OpenOSPFD
- Developer(s): The OpenBSD Project
- Stable release: 5.9 / March 1, 2016; 9 years ago
- Repository: cvsweb.openbsd.org/cgi-bin/cvsweb/src/usr.sbin/ospfd/ ;
- Written in: C
- Operating system: OpenBSD, FreeBSD
- Standard(s): RFC 2328, RFC 3137
- Type: Open Shortest Path First daemon
- License: ISC
- Website: www.openbgpd.org
- As of: August 2016

= OpenOSPFD =

Open-source implementation of OSPF protocol

OpenOSPFD is an ISC licensed implementation of the Open Shortest Path First Protocol. It is a network routing software suite which allows ordinary general purpose computers to be used as routers exchanging routes with other computer systems speaking the OSPF protocol.
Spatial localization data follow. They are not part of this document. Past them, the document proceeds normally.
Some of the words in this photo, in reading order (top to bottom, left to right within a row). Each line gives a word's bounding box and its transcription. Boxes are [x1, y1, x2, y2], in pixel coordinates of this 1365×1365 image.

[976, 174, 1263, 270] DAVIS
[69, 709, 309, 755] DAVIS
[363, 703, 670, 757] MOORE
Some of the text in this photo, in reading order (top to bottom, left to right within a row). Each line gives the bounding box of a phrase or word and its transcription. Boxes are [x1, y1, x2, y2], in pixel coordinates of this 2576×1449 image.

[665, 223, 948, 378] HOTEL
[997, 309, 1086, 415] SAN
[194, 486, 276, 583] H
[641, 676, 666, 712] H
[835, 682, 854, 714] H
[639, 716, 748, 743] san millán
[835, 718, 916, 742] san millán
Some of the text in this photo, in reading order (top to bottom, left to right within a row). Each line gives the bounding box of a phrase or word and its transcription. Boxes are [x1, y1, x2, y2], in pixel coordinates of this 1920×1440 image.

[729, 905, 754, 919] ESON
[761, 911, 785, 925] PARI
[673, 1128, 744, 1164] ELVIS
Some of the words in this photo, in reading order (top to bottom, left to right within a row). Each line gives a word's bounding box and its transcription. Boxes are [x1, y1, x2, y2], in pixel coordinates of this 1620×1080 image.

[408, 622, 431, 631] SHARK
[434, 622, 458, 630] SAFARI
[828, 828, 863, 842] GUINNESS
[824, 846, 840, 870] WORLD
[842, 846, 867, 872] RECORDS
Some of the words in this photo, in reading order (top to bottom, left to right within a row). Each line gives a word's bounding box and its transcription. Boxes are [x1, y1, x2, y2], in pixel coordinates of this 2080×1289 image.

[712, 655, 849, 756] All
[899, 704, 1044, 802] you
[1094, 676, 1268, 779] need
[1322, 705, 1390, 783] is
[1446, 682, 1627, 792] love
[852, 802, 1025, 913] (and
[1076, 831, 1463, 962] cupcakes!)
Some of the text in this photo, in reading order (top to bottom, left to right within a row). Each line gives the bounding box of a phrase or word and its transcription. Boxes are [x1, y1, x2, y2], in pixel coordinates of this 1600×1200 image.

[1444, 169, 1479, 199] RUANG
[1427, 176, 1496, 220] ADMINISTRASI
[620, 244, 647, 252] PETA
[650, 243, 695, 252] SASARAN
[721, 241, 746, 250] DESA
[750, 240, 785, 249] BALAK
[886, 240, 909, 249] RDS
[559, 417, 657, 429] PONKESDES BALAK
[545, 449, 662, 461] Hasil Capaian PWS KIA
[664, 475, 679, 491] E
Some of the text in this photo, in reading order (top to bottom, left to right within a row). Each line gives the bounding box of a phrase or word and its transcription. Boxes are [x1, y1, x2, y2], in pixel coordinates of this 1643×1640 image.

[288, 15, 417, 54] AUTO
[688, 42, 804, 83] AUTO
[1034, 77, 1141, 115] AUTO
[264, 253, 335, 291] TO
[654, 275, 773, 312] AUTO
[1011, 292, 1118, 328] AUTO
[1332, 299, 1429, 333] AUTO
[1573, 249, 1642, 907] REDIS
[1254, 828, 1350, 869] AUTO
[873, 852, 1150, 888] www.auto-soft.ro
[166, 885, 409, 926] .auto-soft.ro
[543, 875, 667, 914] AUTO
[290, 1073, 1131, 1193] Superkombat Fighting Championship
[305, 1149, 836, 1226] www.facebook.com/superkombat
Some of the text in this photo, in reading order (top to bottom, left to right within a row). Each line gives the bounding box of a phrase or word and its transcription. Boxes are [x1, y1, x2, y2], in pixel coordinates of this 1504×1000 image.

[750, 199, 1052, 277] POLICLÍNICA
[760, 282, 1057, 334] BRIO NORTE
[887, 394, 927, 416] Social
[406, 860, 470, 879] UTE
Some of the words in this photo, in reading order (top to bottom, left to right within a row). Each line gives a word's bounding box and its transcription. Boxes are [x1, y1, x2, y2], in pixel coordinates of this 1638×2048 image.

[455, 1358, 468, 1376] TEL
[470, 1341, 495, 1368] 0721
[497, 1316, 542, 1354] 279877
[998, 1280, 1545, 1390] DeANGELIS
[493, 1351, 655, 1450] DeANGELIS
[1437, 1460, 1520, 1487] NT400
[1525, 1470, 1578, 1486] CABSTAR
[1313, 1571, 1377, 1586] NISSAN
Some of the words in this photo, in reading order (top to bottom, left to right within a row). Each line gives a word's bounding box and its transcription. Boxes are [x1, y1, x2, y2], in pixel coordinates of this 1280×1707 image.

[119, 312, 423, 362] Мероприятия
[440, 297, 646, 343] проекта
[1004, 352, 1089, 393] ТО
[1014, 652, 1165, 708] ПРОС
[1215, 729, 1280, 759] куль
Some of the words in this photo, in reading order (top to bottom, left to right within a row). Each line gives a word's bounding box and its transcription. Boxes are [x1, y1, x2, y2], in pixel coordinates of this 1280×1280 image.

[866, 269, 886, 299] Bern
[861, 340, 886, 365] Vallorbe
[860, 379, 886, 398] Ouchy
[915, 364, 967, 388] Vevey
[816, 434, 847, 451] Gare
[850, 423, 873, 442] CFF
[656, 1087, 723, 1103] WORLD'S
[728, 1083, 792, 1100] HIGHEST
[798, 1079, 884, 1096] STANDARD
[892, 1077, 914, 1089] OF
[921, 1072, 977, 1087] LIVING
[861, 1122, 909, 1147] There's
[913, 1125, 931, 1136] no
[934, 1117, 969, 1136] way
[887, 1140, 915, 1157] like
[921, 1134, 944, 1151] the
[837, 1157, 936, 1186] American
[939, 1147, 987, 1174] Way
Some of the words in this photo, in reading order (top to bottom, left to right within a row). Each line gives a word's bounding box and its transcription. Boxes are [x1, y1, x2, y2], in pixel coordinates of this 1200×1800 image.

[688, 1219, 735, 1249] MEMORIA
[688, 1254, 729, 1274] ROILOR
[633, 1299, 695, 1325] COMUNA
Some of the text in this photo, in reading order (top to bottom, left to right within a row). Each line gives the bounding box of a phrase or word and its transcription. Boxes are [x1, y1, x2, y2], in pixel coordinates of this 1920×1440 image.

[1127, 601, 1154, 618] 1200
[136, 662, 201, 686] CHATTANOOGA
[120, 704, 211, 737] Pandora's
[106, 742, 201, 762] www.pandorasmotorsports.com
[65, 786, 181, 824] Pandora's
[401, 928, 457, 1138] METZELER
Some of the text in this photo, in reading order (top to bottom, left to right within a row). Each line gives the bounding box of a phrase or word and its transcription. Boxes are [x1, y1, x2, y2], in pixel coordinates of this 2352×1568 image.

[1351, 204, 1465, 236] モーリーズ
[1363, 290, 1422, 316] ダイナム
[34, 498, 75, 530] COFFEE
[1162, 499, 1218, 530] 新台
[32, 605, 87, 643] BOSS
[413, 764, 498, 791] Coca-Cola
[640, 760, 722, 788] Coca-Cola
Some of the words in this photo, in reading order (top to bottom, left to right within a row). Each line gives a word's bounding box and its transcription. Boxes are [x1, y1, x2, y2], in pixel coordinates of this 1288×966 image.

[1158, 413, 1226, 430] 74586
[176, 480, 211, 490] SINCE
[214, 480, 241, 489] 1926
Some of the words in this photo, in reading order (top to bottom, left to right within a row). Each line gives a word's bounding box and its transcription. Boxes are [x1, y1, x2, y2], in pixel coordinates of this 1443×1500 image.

OpenOSPFD was developed by Esben Nørby and Claudio Jeker, for the OpenBSD project. It is a companion daemon of OpenBGPD. The software was developed as an alternative to packages such as Quagga, a routing software suite which is licensed under the GPL. OpenOSPFD is developed on OpenBSD, and ports exist for FreeBSD and NetBSD.

== Goals ==
The design goals of OpenOSPF include being secure (non-exploitable), reliable, lean and easy to use. The configuration language is intended to be both powerful and easy enough for most users.